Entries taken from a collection
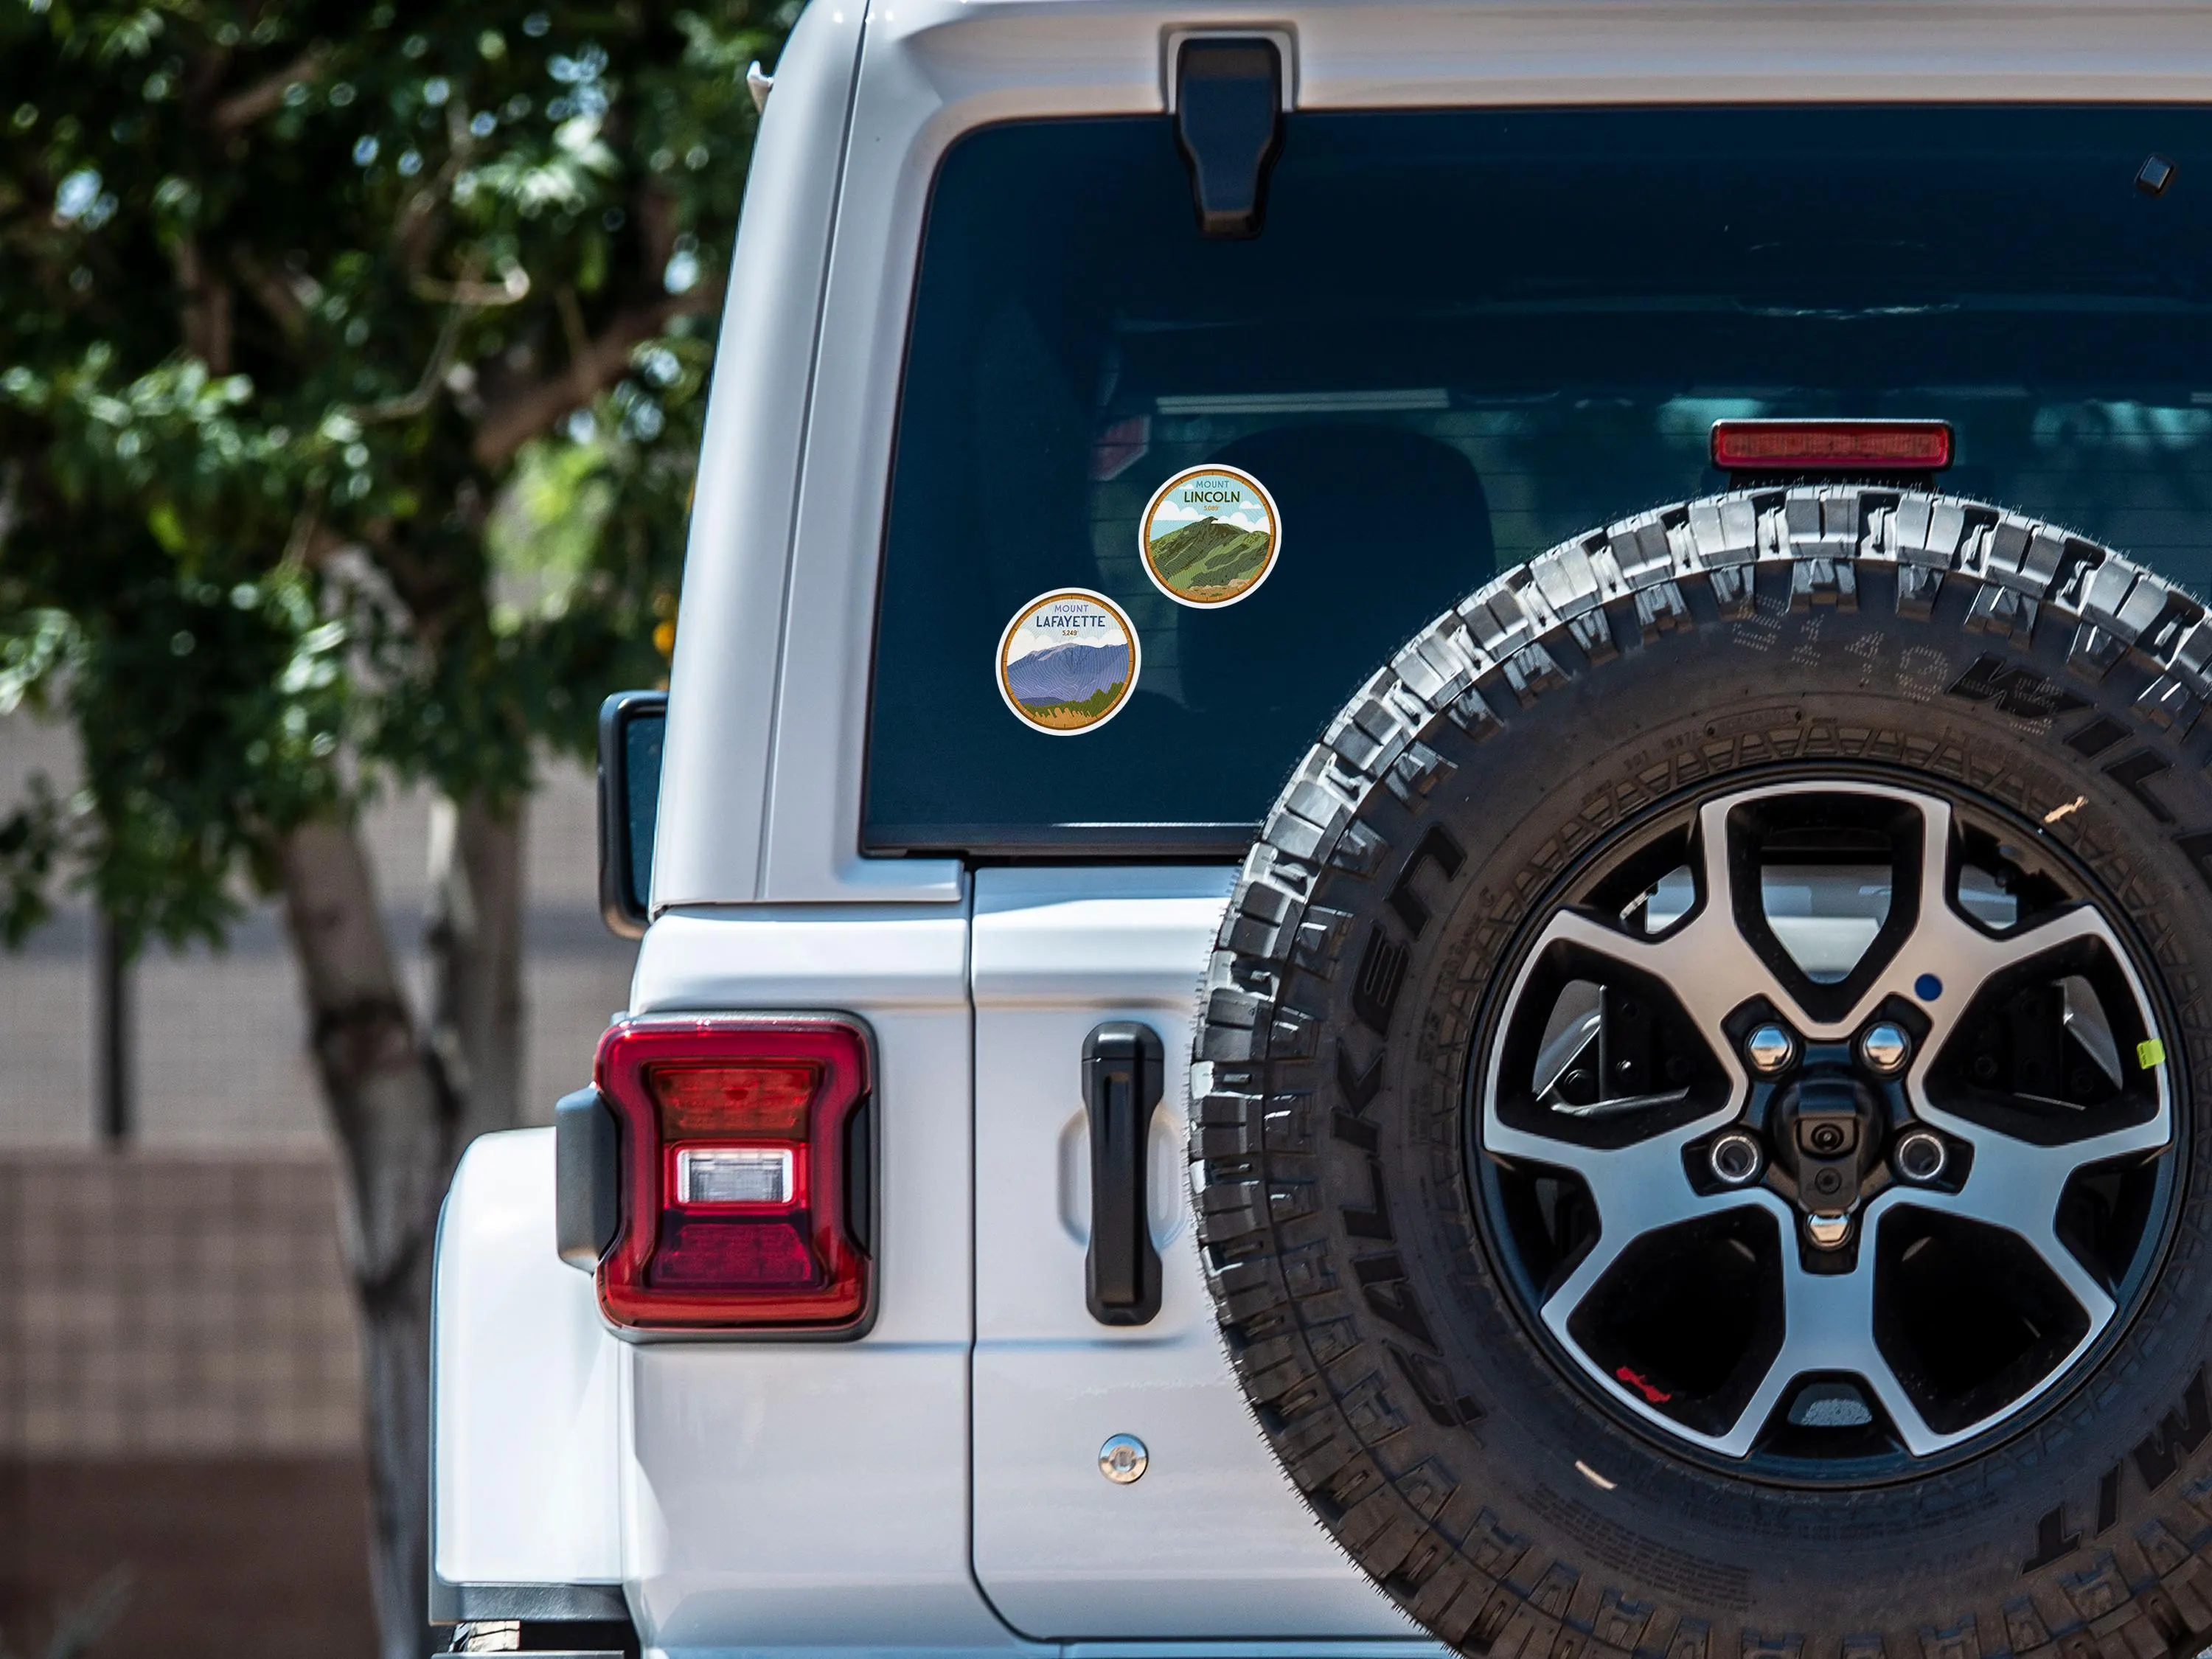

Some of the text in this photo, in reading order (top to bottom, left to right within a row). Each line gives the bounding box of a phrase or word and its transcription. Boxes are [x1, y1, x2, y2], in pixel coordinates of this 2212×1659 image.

[1196, 480, 1230, 488] MOUNT
[1184, 491, 1240, 503] LINCOLN
[1054, 605, 1089, 613] MOUNT
[1037, 616, 1106, 627] LAFAYETTE

Prompt -> Leave the pictures aside and give the records above back word for word.

Finished task ->
Some of the text in this photo, in reading order (top to bottom, left to right within a row). Each line gives the bounding box of a phrase or word and its transcription. Boxes are [x1, y1, x2, y2], in pixel coordinates of this 2212×1659 image.

[1196, 480, 1230, 488] MOUNT
[1184, 491, 1240, 503] LINCOLN
[1054, 605, 1089, 613] MOUNT
[1037, 616, 1106, 627] LAFAYETTE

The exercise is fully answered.